AePPL `Switch`-defined mixtures

Maybe a new functionality to AePPL `Switches` would be to play multiplayer games on it 🤔

Lately, I have been trying to work on issues 76 and 77 of AePPL in which we would like to extend the library’s mixture functionality. See PR 154 in AePPL.

Mixture modelling in AePPL

The overarching goal of AePPL is to retrieve correct log-probability functions of data-generating models. Diving a little bit more into the details, every data-generating model induces a hierarchical graph which can be build using Aesara’s symbolic mathematics toolbox. For instance, in PR 19, mixture models constructed via at.stack or at.join are currently supported:

import aesara.tensor as at
from aeppl import joint_logprob

srng = at.random.RandomStream(seed=2320)

I_rv = srng.bernoulli(0.5, name="I")
X1_rv = srng.normal(loc=-5, scale=0.1, name="X1")
X2_rv = srng.normal(loc=5, scale=0.1, name="X2")

Z1_rv = at.stack([X1_rv, X2_rv])[I_rv]

z_vv = Z1_rv.clone()
i_vv = I_rv.clone()

logp = joint_logprob({Z1_rv: z1_vv, I_rv: i_vv})
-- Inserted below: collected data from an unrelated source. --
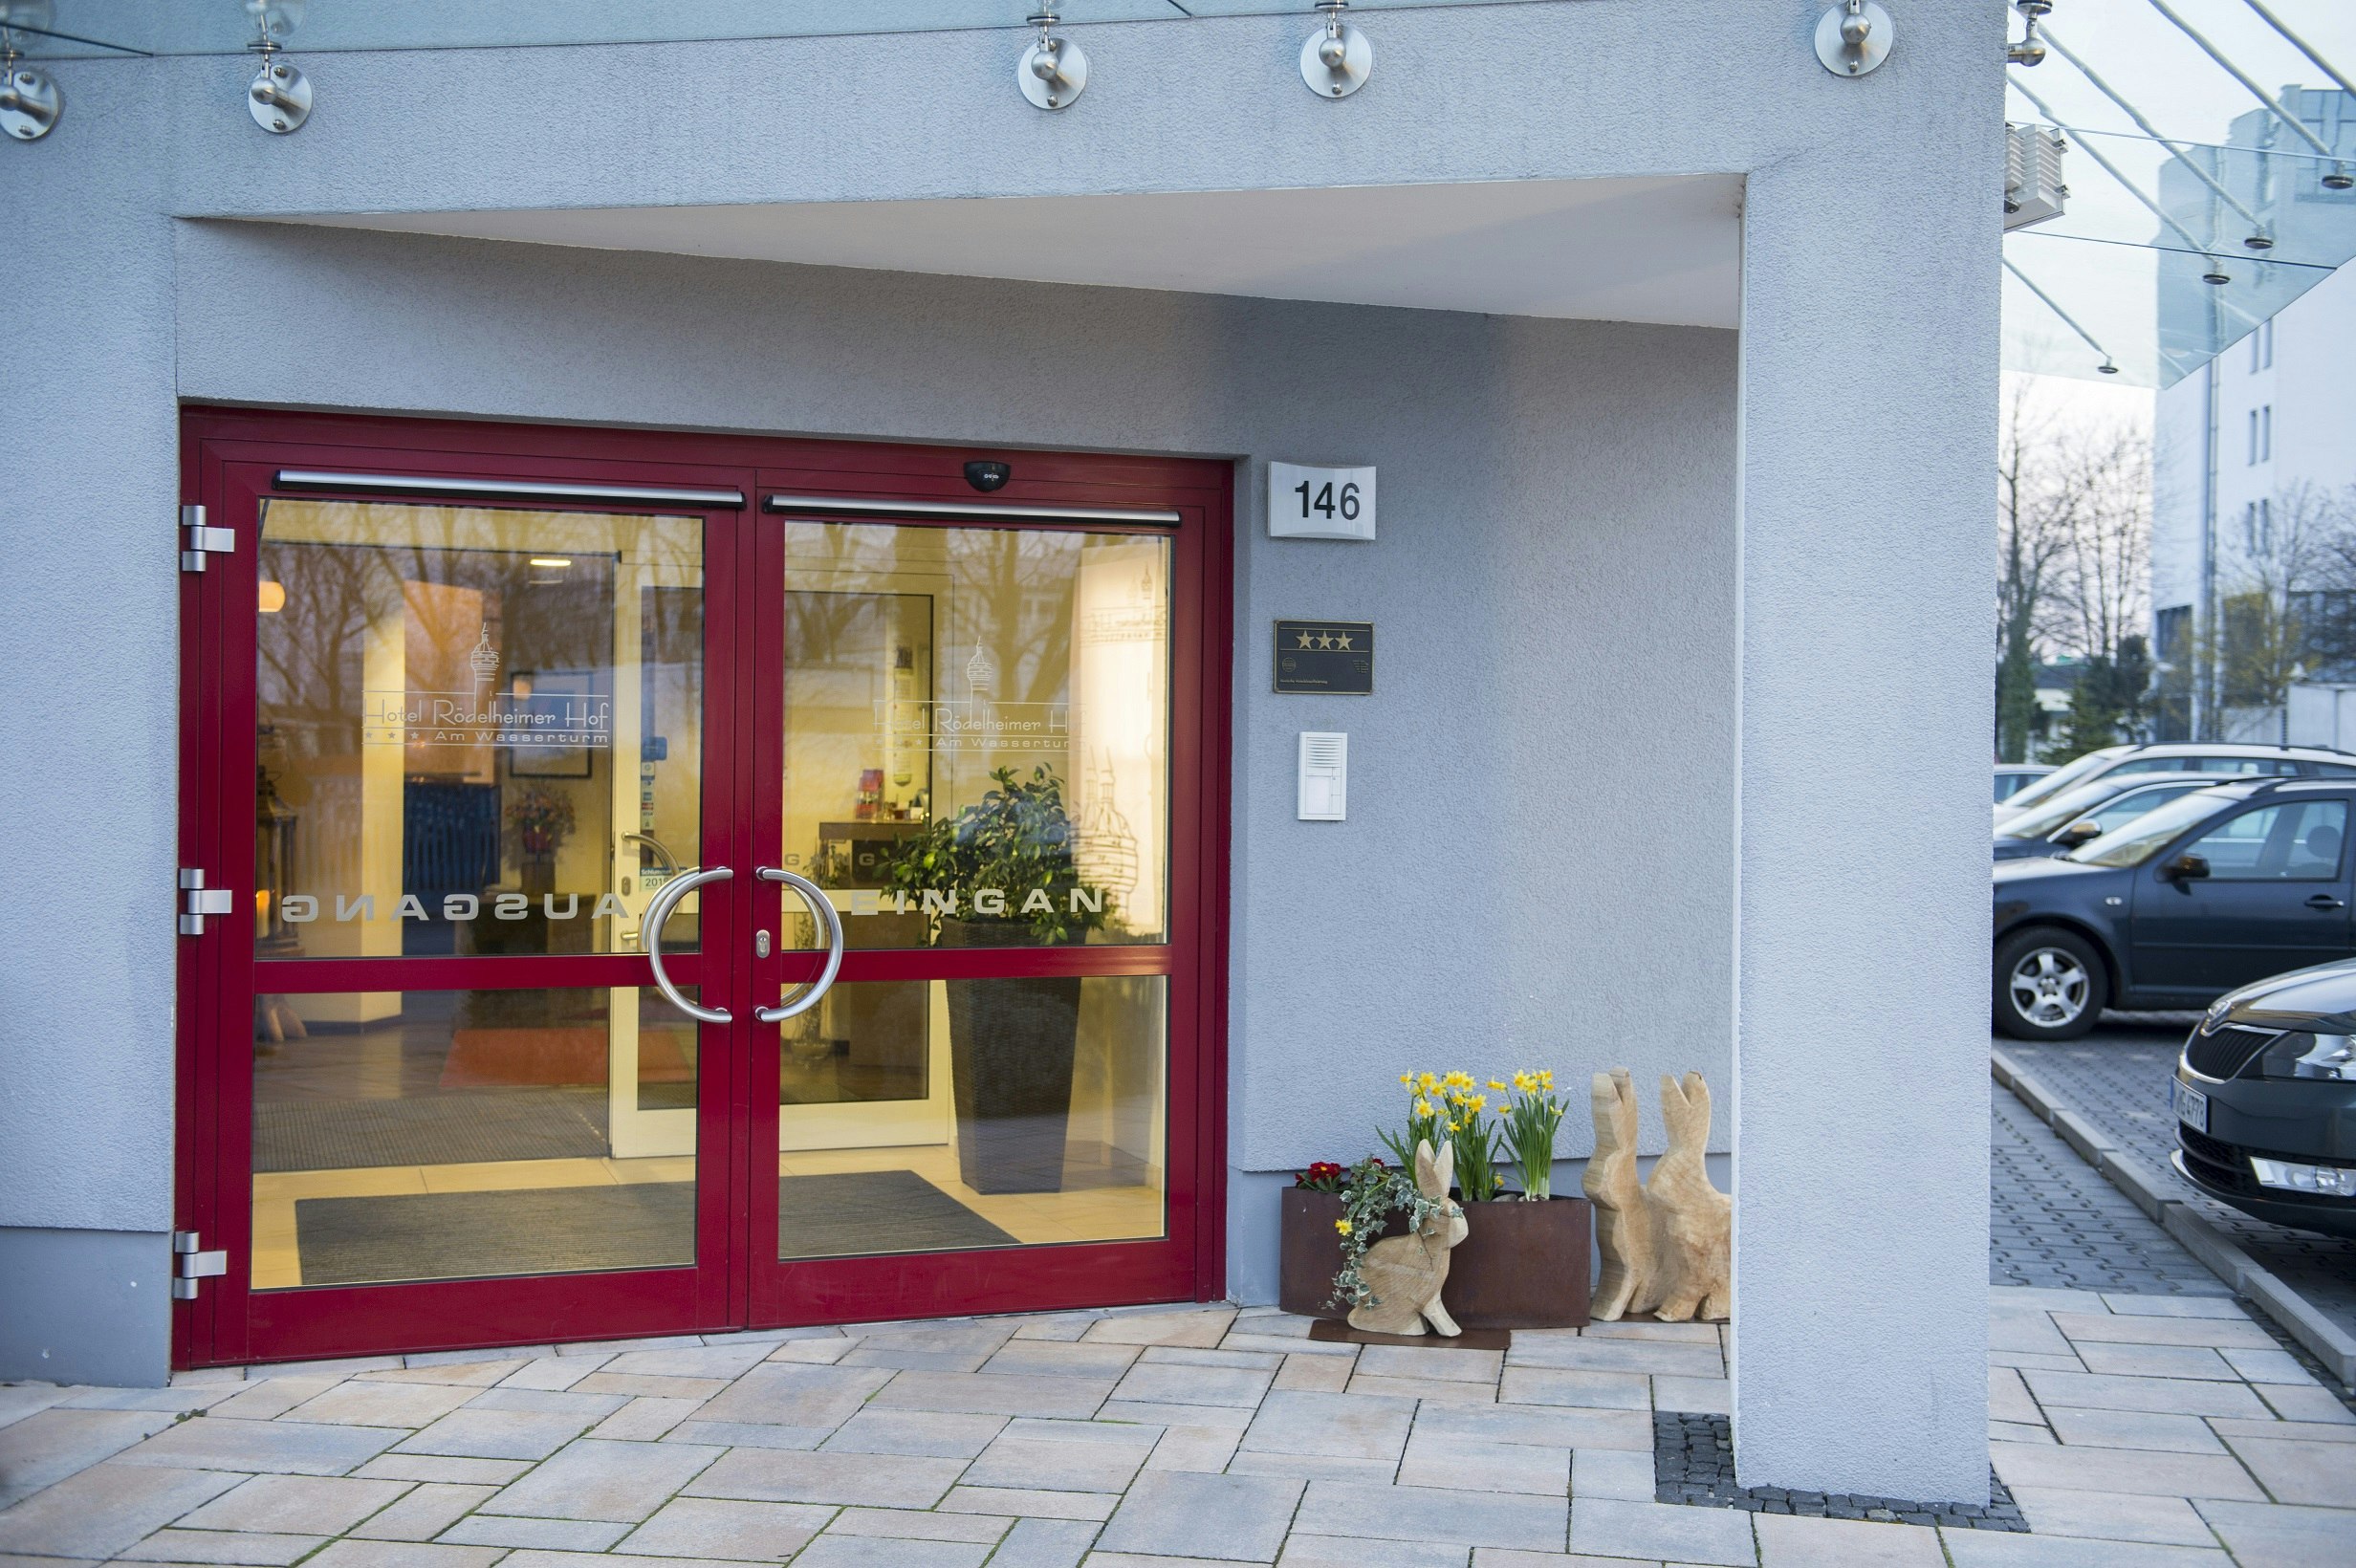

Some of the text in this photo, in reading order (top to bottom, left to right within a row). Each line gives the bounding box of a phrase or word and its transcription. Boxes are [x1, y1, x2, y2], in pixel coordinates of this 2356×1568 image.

[1295, 480, 1360, 520] 146
[361, 699, 609, 730] Hotel Rödelheimer Hof
[934, 708, 1041, 732] Rödelheimer
[434, 731, 609, 743] Am Wasserturm
[935, 737, 1086, 749] Am Wassertur
Effectively, we can only retrieve the log-probability of the appropriate mixture component if provided numerical values for value variables z_vv and i_vv. These log-probabilities are unmarginalized, that is that AePPL retrieves the log-probability of X1_rv or X2_rv at the value z_vv depending on the index i_vv.

Switch mixtures

The Switch Op is an operator that take in three arguments: the index variable and both components of the mixture model. The index variable served as if the components were in an ifelse condition. With a condition that is a dichotomous random variable and both branches that are stochastic as well, i.e. MeasurableVariables, this Switch subgraph would be a mixture model and can be replaced by a MixtureRV node. Thanks to the indexing functionality provided in expand_indices that imitates NumPy’s advanced indexing logic, adding a graph rewrite for switch and ifelse mixtures is not very difficult.

Univariate components

Using the same I_rv, X1_rv, X2_rv and corresponding value variables defined above, a Switch mixture can be defined as followed:

srng = at.random.RandomStream(seed=2320)

I_rv = srng.bernoulli(0.5, name="I")
X1_rv = srng.normal(loc=-5, scale=0.1, name="X1")
X2_rv = srng.normal(loc=5, scale=0.1, name="X2")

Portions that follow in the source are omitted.